● **Task input**:
*** Begin section ***
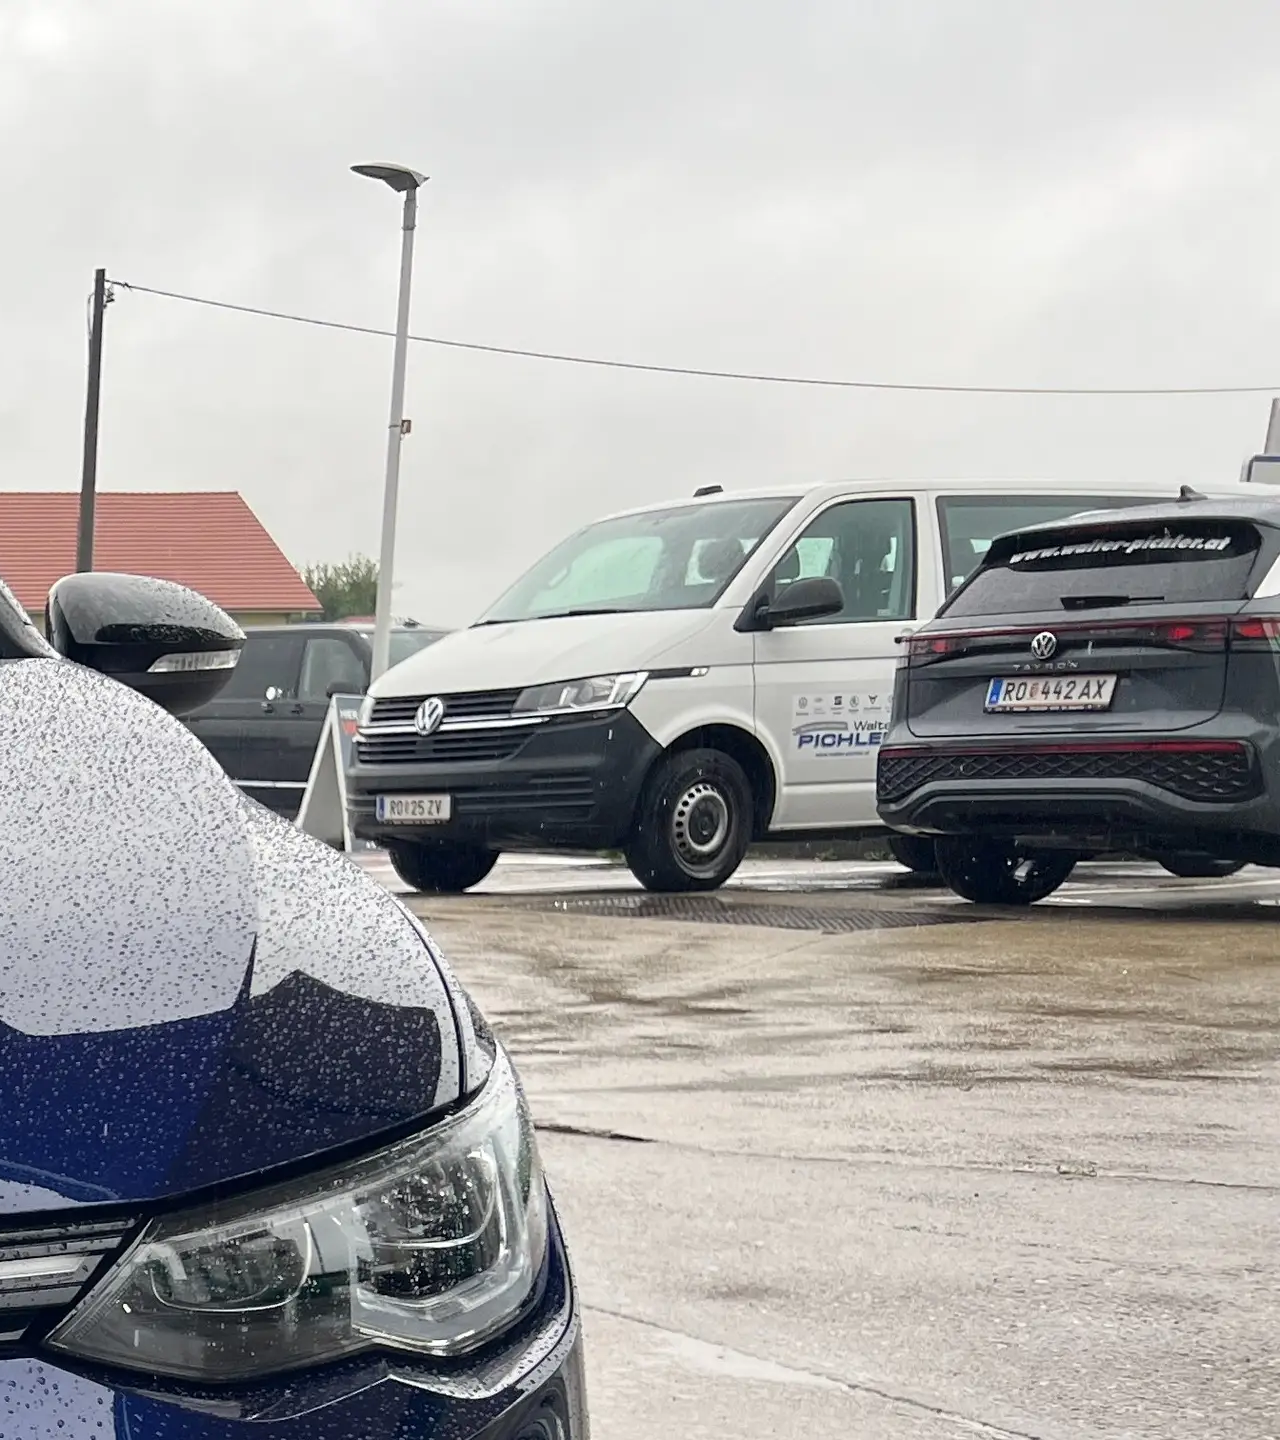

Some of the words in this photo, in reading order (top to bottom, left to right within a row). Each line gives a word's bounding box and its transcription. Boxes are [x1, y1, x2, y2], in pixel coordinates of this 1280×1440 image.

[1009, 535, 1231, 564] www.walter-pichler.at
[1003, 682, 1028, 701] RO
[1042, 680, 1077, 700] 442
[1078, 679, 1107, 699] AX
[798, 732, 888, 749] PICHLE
*** End section ***
Return all of the material precisely as written. No picture belongs in it.

Some of the words in this photo, in reading order (top to bottom, left to right within a row). Each line gives a word's bounding box and its transcription. Boxes are [x1, y1, x2, y2], in pixel coordinates of this 1280×1440 image.

[1009, 535, 1231, 564] www.walter-pichler.at
[1003, 682, 1028, 701] RO
[1042, 680, 1077, 700] 442
[1078, 679, 1107, 699] AX
[798, 732, 888, 749] PICHLE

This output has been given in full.